◆ Your instructions ◆
What follows is a set of records; restate each one word for word and drop the pictures.

Data entries:
§

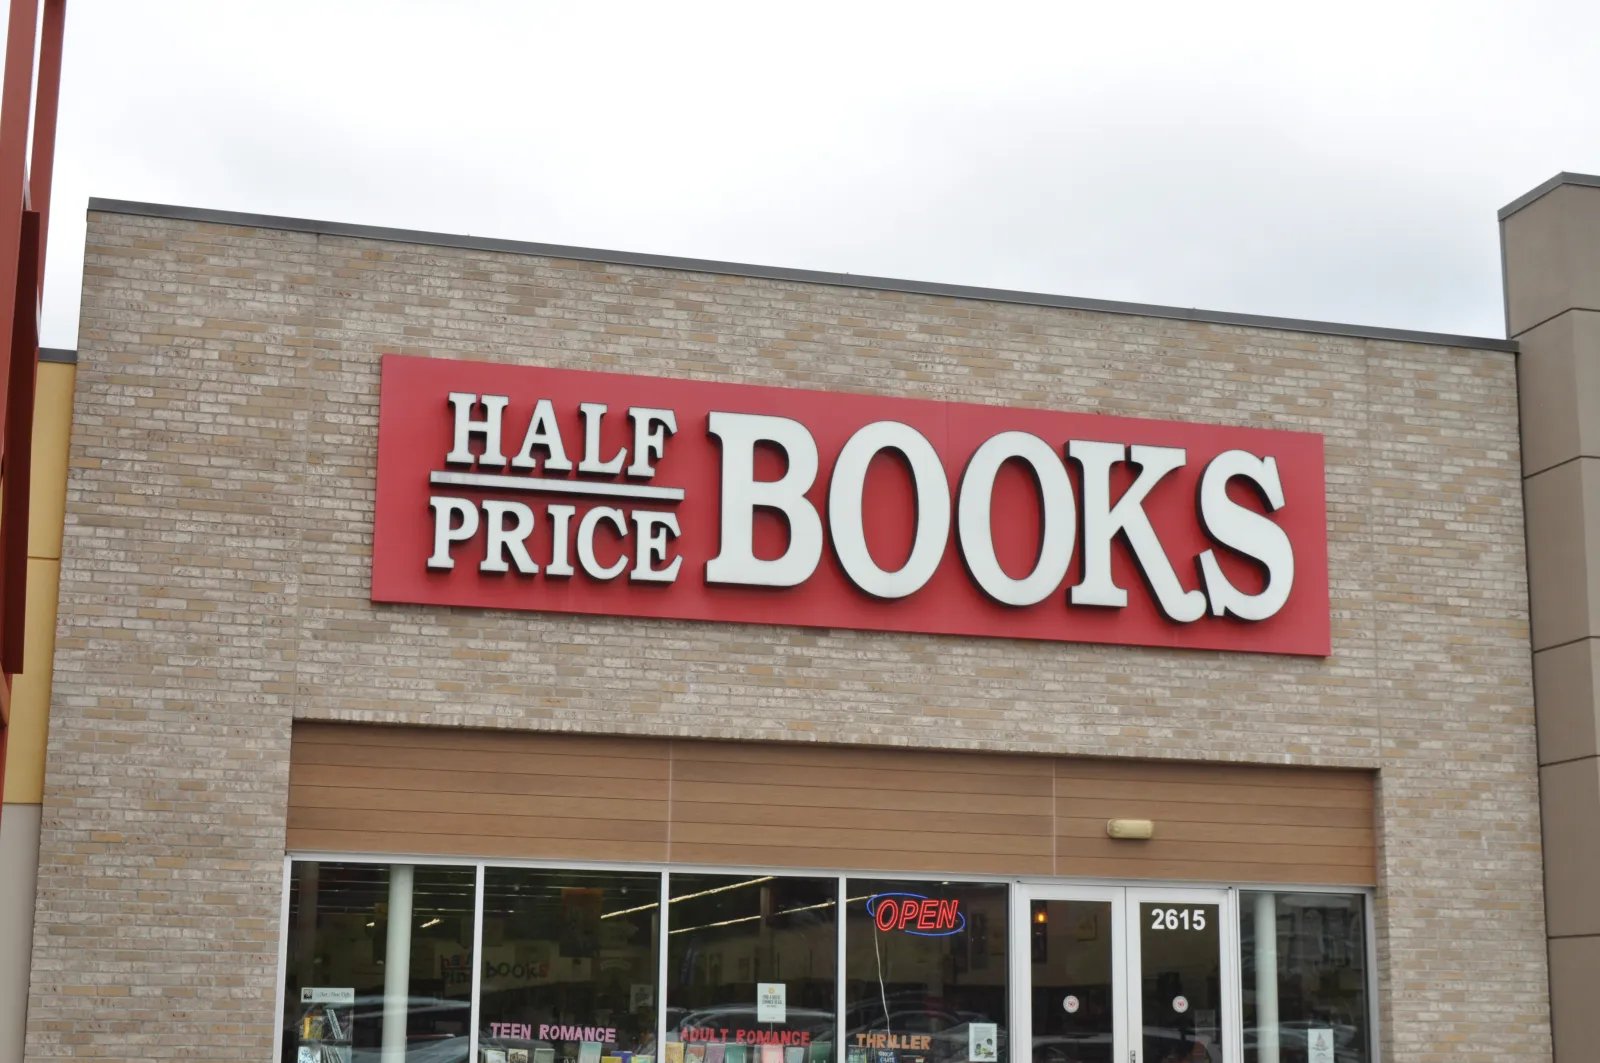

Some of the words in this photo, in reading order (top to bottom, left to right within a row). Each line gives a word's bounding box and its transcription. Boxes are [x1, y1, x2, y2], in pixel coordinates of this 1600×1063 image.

[446, 392, 678, 477] HALF
[704, 410, 1295, 623] BOOKS
[427, 496, 683, 582] PRICE
[876, 899, 959, 932] OPEN
[1151, 908, 1206, 931] 2615
[490, 1022, 531, 1040] TEEN
[539, 1024, 616, 1043] ROMANCE
[680, 1026, 729, 1043] ADULT
[736, 1029, 811, 1046] ROMANCE
[856, 1033, 932, 1050] THRILLER

§

◆ Answer to this problem ◆
Some of the words in this photo, in reading order (top to bottom, left to right within a row). Each line gives a word's bounding box and its transcription. Boxes are [x1, y1, x2, y2], in pixel coordinates of this 1600×1063 image.

[446, 392, 678, 477] HALF
[704, 410, 1295, 623] BOOKS
[427, 496, 683, 582] PRICE
[876, 899, 959, 932] OPEN
[1151, 908, 1206, 931] 2615
[490, 1022, 531, 1040] TEEN
[539, 1024, 616, 1043] ROMANCE
[680, 1026, 729, 1043] ADULT
[736, 1029, 811, 1046] ROMANCE
[856, 1033, 932, 1050] THRILLER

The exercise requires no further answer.